Raimundo se había quedado a cenar aquella noche. Tras el
anuncio de su boda con Francisca y la revelación de que en realidad, era el
verdadero padre de Tristán, se sentía
pleno de dicha y por ello no rehusaba las invitaciones de su hijo para
quedarse y así compartir más tiempo juntos. ¡Tenía tantos planes! Deseaba
recuperar todo el tiempo perdido junto al muchacho, y sobre todo junto a ella.
Aún le costaba creer que la vida le hubiera dado un vuelco tan grande.
Durante la velada, no pudo despegar sus ojos de Francisca. Ni
los ojos, ni las manos. Sentía una poderosa necesidad de tocarla, de sentir que
todo aquello que estaba viviendo era real y no producto de una ensoñación. Soledad y Tristán se sentían como espectadores no invitados de la representación de amor
más puro y sincero que jamás conocieron. Las veladas miradas y las caricias a
escondidas que se prodigaban ambos, fueron continuas durante toda la cena.
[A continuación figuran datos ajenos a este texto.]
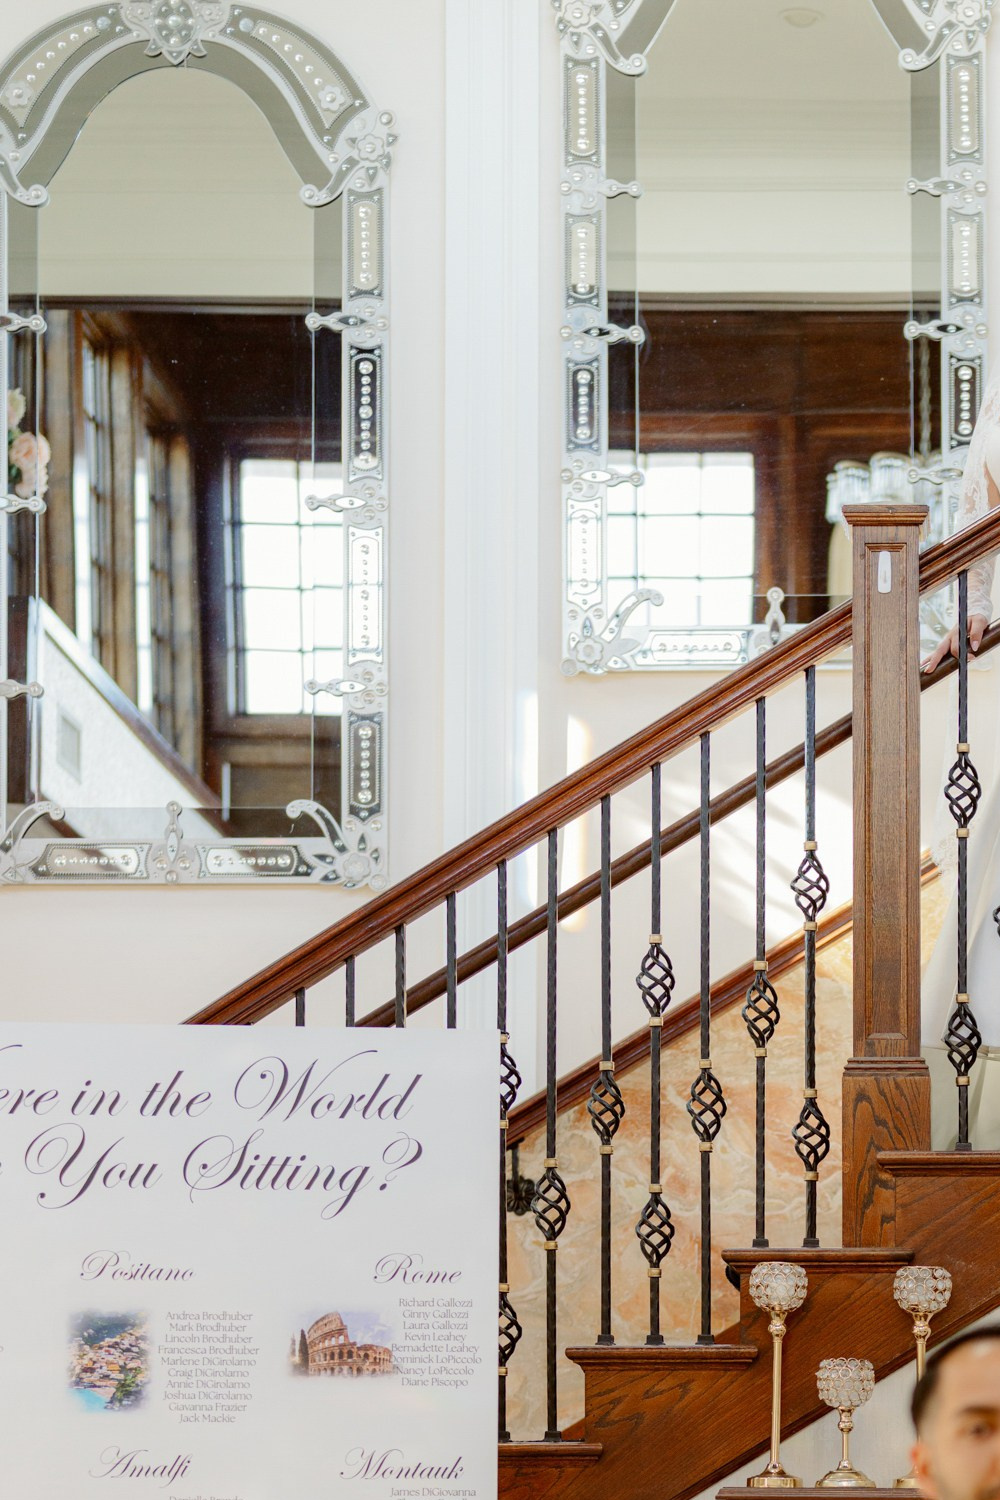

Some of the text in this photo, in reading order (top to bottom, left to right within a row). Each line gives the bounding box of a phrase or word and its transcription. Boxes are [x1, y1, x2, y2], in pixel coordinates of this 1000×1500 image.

[71, 1080, 128, 1117] in
[139, 1070, 212, 1118] the
[234, 1050, 423, 1122] World
[24, 1122, 423, 1219] You Sitting?
[80, 1250, 196, 1281] Positano
[373, 1252, 463, 1284] Rome
[399, 1298, 473, 1307] Richard Gallozzi
[167, 1311, 253, 1320] Andrea Brodhuber
[403, 1310, 468, 1320] Ginny Gallozzi
[170, 1323, 247, 1331] Mark Brodhuber
[403, 1321, 468, 1329] Laura Gallozzi
[165, 1334, 253, 1343] Lincoln Brodhuber
[404, 1332, 466, 1343] Kevin Leahey
[158, 1345, 260, 1354] Francesca Brodhuber
[392, 1343, 479, 1354] Bernadette Leahey
[162, 1357, 256, 1365] Marlene DiGirolamo
[168, 1368, 249, 1379] Craig DiGirolamo
[394, 1366, 474, 1376] Nancy LoPiccolo
[166, 1380, 250, 1388] Annie DiGirolamo
[401, 1378, 468, 1389] Diane Piscopo
[163, 1391, 252, 1400] Joshua DiGirolamo
[216, 1403, 247, 1411] Frazier
[179, 1414, 236, 1423] Jack Mackie
[89, 1446, 193, 1489] Amalfi
[339, 1447, 464, 1480] Montauk
[390, 1488, 476, 1497] James DiGiovanna
Finalizada la misma, se retiraron respetuosamente queriendo dejar algo de
intimidad a la pareja.
Raimundo tomó la mano de Francisca acariciándole sensualmente
con el pulgar y depositando a continuación, un suave beso que provocó en ella
placenteros escalofríos que recorrieron toda su columna vertebral. Francisca
sonrió con resignación. Raimundo era capaz de hacerla temblar con el simple
roce de sus labios.
Él se deleitó por el efecto que causaba en ella. Francisca no
era consciente de que para él, también el simple roce de su piel le ocasionaba
casi la pérdida de todo su control y fuerza de voluntad.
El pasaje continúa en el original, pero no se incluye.